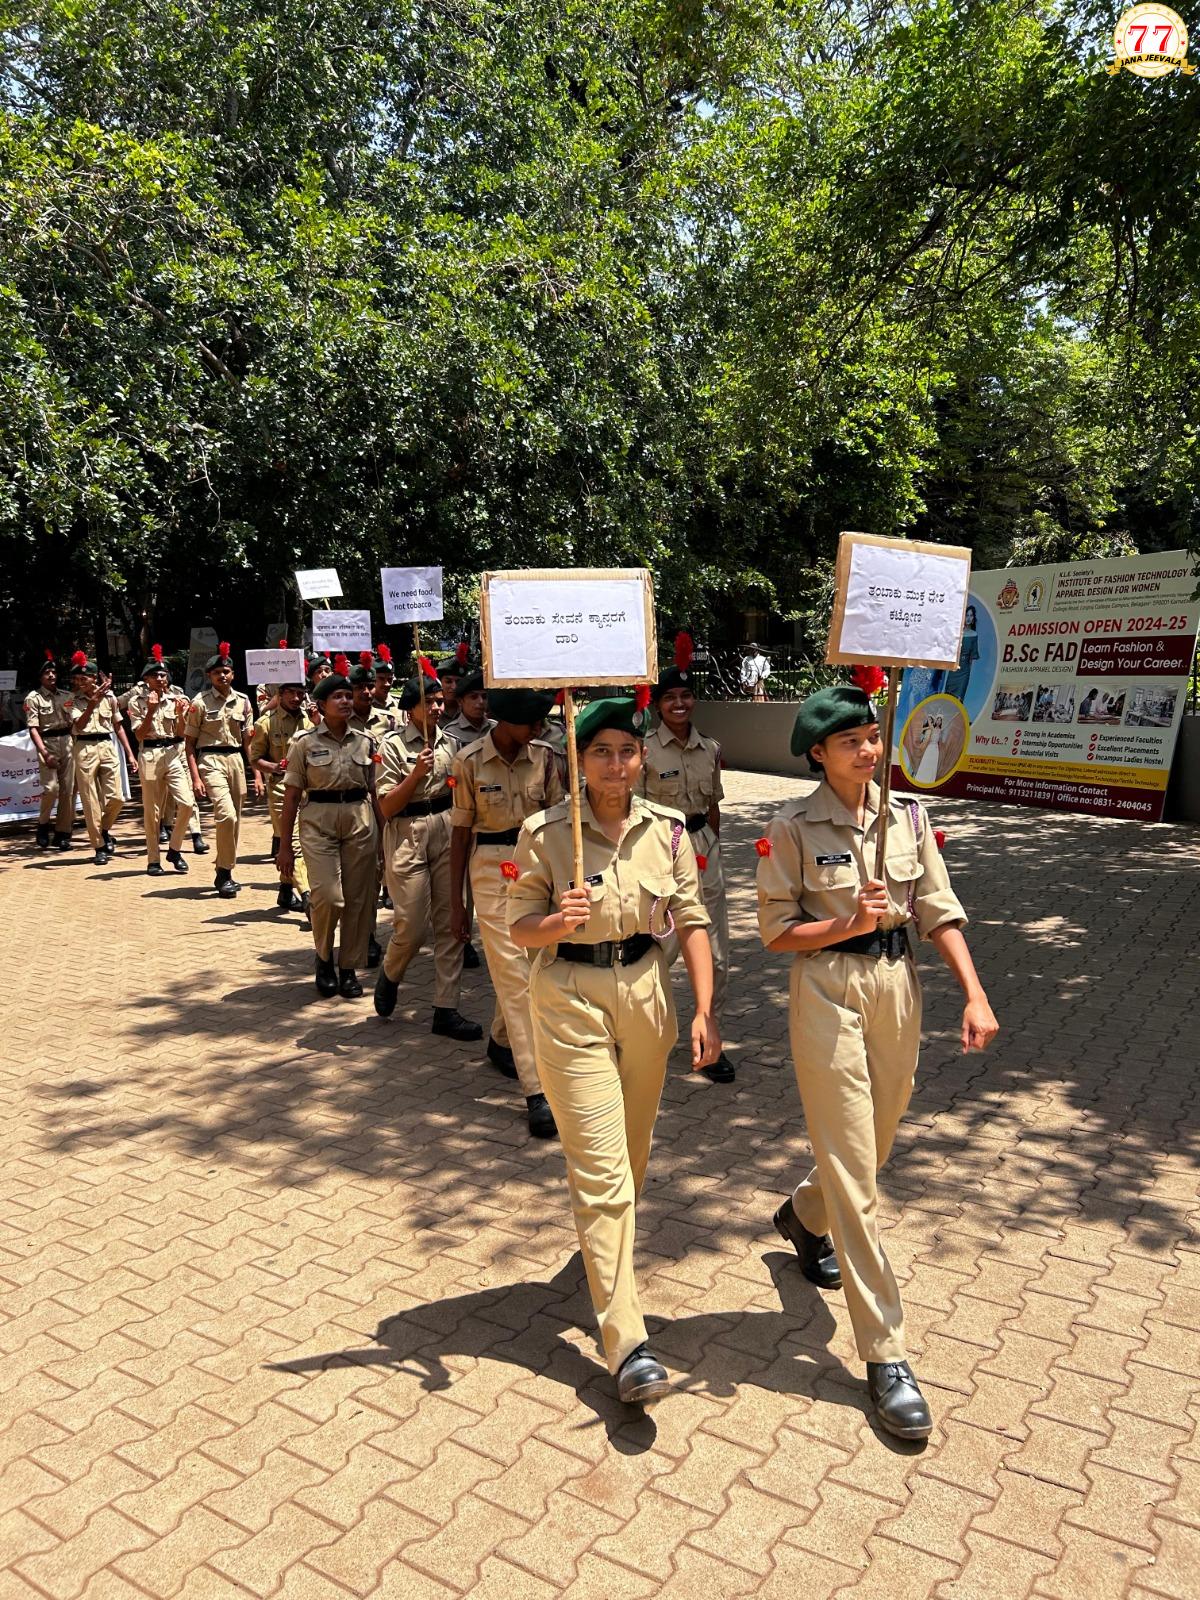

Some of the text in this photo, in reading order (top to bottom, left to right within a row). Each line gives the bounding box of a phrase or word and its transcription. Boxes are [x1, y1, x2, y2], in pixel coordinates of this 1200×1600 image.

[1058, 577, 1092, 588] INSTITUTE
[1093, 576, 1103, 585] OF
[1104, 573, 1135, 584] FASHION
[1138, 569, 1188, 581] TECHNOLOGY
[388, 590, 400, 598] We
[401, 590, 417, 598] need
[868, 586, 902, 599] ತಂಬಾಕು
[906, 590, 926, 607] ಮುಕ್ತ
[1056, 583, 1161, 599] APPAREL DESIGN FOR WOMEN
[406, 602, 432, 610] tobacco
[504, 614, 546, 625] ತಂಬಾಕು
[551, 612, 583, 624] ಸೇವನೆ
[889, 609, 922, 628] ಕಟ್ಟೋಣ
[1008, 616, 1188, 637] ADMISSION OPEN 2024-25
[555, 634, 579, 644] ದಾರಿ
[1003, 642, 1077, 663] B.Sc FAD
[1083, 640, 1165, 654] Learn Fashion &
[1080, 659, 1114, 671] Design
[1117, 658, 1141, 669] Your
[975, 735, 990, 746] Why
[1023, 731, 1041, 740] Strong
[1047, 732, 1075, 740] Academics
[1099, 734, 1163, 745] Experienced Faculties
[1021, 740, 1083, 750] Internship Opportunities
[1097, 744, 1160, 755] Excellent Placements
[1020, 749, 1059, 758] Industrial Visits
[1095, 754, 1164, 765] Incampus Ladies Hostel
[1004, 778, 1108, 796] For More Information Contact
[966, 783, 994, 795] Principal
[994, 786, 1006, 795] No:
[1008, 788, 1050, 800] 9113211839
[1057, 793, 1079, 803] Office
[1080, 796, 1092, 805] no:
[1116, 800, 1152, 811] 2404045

□ □ □ □ □ □ □

Activity: Each entry should be repeated exactly as it appears; the pictures stay out.

Task response:
Some of the text in this photo, in reading order (top to bottom, left to right within a row). Each line gives the bounding box of a phrase or word and its transcription. Boxes are [x1, y1, x2, y2], in pixel coordinates of this 1200×1600 image.

[1058, 577, 1092, 588] INSTITUTE
[1093, 576, 1103, 585] OF
[1104, 573, 1135, 584] FASHION
[1138, 569, 1188, 581] TECHNOLOGY
[388, 590, 400, 598] We
[401, 590, 417, 598] need
[868, 586, 902, 599] ತಂಬಾಕು
[906, 590, 926, 607] ಮುಕ್ತ
[1056, 583, 1161, 599] APPAREL DESIGN FOR WOMEN
[406, 602, 432, 610] tobacco
[504, 614, 546, 625] ತಂಬಾಕು
[551, 612, 583, 624] ಸೇವನೆ
[889, 609, 922, 628] ಕಟ್ಟೋಣ
[1008, 616, 1188, 637] ADMISSION OPEN 2024-25
[555, 634, 579, 644] ದಾರಿ
[1003, 642, 1077, 663] B.Sc FAD
[1083, 640, 1165, 654] Learn Fashion &
[1080, 659, 1114, 671] Design
[1117, 658, 1141, 669] Your
[975, 735, 990, 746] Why
[1023, 731, 1041, 740] Strong
[1047, 732, 1075, 740] Academics
[1099, 734, 1163, 745] Experienced Faculties
[1021, 740, 1083, 750] Internship Opportunities
[1097, 744, 1160, 755] Excellent Placements
[1020, 749, 1059, 758] Industrial Visits
[1095, 754, 1164, 765] Incampus Ladies Hostel
[1004, 778, 1108, 796] For More Information Contact
[966, 783, 994, 795] Principal
[994, 786, 1006, 795] No:
[1008, 788, 1050, 800] 9113211839
[1057, 793, 1079, 803] Office
[1080, 796, 1092, 805] no:
[1116, 800, 1152, 811] 2404045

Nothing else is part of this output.